Perhaps the aspect of DWDC I am most passionate about is MAID legislation and broadening choice, respecting that individuals know their anguish and their needs best. I see MAID as a compassionate answer to unnecessary and unbearable suffering. Just knowing they can qualify for MAID if the time comes goes a long way in reducing anxiety for someone faced with a grim end-of-life diagnosis.  

I joined the Advocacy committee and chaired it for a few years; I am still a member. I am also working with a committee of other volunteers, women who are well-informed, articulate and knowledgeable about the subject matter and have amazing advocacy skills. I am learning so much from them. I enjoy the way our group really supports and encourages each other. It is satisfying to meet people who share a passion; it is so enriching to get to know them. 

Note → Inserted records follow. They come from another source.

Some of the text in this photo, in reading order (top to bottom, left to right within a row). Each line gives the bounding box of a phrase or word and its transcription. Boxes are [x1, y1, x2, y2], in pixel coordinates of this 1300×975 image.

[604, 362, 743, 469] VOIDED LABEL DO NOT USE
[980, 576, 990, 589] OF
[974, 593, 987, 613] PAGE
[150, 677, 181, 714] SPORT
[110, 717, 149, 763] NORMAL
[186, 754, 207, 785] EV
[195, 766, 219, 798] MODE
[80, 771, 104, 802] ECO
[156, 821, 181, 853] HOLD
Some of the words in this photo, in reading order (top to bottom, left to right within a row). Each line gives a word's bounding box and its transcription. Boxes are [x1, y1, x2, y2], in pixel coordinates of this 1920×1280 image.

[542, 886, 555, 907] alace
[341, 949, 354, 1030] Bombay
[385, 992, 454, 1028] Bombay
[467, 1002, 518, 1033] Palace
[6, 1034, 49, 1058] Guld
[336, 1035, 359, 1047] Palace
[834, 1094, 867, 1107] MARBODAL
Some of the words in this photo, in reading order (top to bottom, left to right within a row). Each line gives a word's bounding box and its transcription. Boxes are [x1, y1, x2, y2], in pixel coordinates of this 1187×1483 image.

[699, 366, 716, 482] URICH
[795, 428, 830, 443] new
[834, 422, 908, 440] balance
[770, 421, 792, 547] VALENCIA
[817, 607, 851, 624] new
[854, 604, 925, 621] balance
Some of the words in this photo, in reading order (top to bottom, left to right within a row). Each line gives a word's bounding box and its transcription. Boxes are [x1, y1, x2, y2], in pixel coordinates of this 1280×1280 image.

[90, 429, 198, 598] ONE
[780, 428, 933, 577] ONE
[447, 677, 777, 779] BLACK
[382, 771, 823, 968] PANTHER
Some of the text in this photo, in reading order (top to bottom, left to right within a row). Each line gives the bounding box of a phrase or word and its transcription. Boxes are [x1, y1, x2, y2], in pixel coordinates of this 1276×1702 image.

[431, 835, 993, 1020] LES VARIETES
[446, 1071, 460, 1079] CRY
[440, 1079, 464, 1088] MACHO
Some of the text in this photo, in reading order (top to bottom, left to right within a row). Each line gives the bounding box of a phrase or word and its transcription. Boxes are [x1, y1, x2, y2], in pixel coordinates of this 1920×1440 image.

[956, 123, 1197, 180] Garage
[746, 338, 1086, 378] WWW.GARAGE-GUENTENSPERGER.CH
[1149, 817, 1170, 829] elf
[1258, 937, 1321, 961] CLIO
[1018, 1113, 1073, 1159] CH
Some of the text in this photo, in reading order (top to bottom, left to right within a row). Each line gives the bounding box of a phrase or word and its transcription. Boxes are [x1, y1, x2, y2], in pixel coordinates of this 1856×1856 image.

Jon: I heard about DWDC when I read about a panel discussion concerning MAID and I attended the event. I thought DWDC’s local leader was an articulate and intelligent person and decided that because I supported its goals I would get involved in the organization.  

I volunteered as a witness for MAID applications and subsequently was asked to join the executive committee. When the person who delivered Advance Care Planning (ACP) presentations decided she would like to have someone else available to do them, I volunteered. My legal background seemed to fit with the nature of the presentation, as over the years, I had made hundreds of wills and powers of attorney. The Powers of Attorney for Personal Care are very different than the documents I drew up 20 years ago; back then it was just ‘no heroic measures’ but today we can be much more specific.  

I continue to sit on the Ottawa Chapter executive committee and deliver the ACP workshops. I take considerable pleasure in the workshops, which I present with my partner Linda Ogle. It has changed since we started, and with the advent of online presentations, in some respects, has become more intimate than the in-person presentations.  

I have done an ACP presentation on the radio for people living in Nova Scotia and New Brunswick, and also appeared on a DWDC national panel discussing ACPs. 

The pleasure of the Chapter work is the interesting and intelligent people I have met through this involvement. I was involved in the development of the Chapter Manual with a committee of dedicated and smart volunteers. 

What changes would you like to see to Canada’s assisted dying law and why? 

Linda: We have seen, and perhaps had a part in, changes to the legislation that we believe to be positive. We continue to work toward further advances that the polls show most Canadians want; this includes advance requests for MAID and allowing MAID for those who qualify in the place of their choosing. 

I continue to volunteer because I believe that no group of people should be summarily and paternalistically deemed ineligible; the decision to end suffering should respect the individual’s unique experience and desire assessed by the experts who really hear them and care about their well-being. 

Jon: I would like to see Canada’s MAID laws require ALL hospitals and palliative care organizations, whatever their religious affiliations, provide MAID if they receive public money. I would like to see advance requests enacted into law so that Canadians who suffer some sudden and unexpected accident or illness that robs them of their mental capacity to qualify for the procedure.